▶ _Supplied data_:
Start of Block

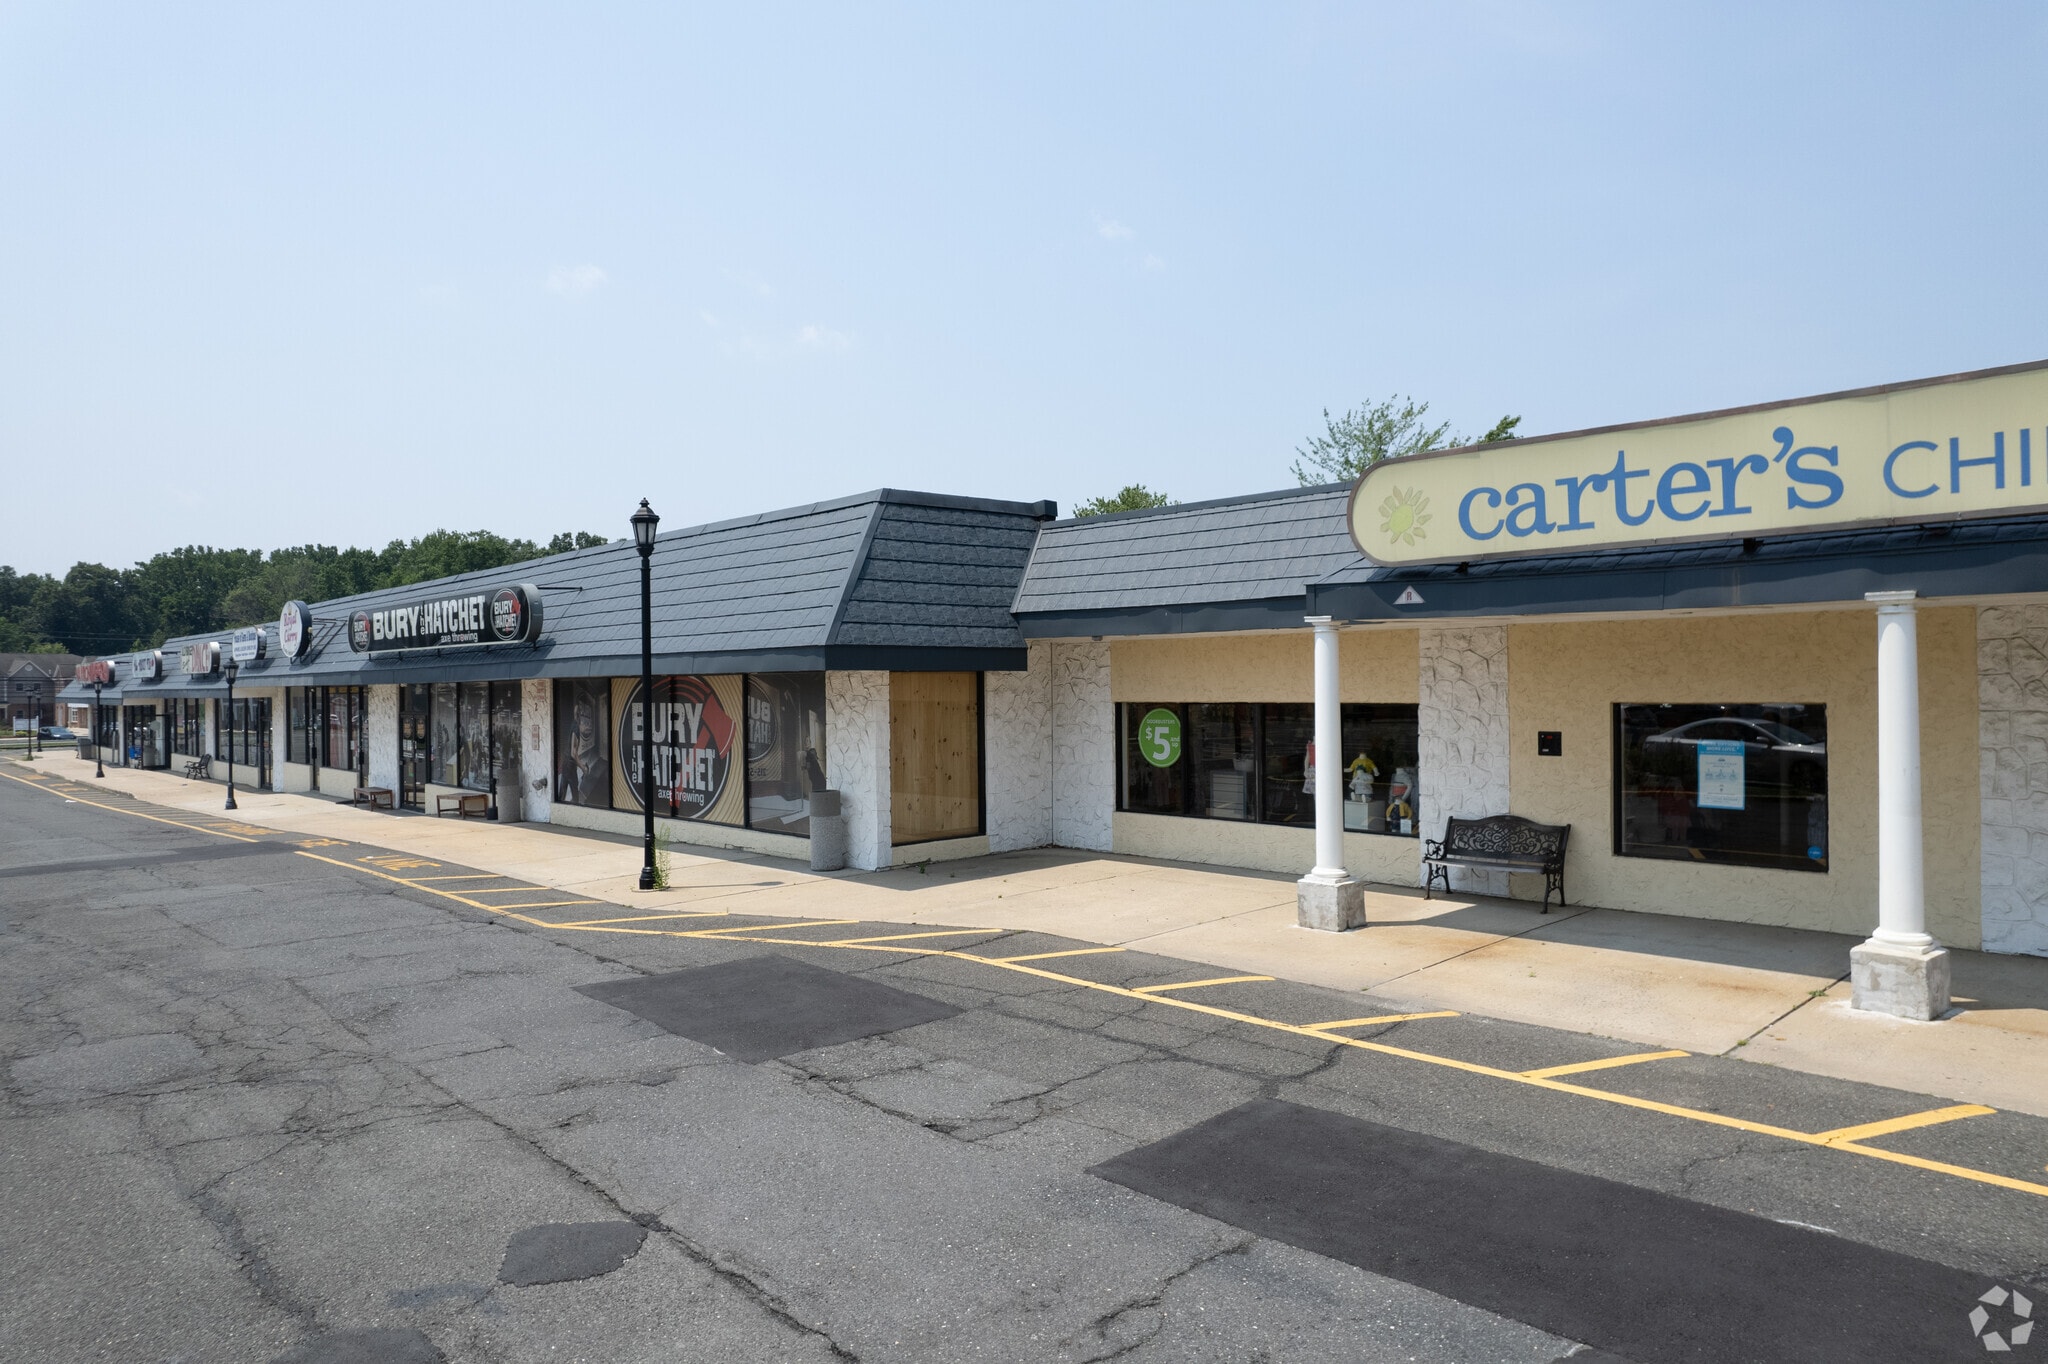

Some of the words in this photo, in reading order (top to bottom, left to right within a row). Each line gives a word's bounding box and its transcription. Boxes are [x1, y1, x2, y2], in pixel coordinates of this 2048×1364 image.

[1458, 427, 1844, 541] carter's
[1883, 427, 2048, 499] CHI
[372, 605, 421, 641] BURY
[425, 595, 486, 634] HATCHET
[493, 600, 514, 614] BURY

End of Block

▶ _Task instructions_: Print all of the entries word for word. Skip any images they contain.

▶ _Completed task_:
Some of the words in this photo, in reading order (top to bottom, left to right within a row). Each line gives a word's bounding box and its transcription. Boxes are [x1, y1, x2, y2], in pixel coordinates of this 2048×1364 image.

[1458, 427, 1844, 541] carter's
[1883, 427, 2048, 499] CHI
[372, 605, 421, 641] BURY
[425, 595, 486, 634] HATCHET
[493, 600, 514, 614] BURY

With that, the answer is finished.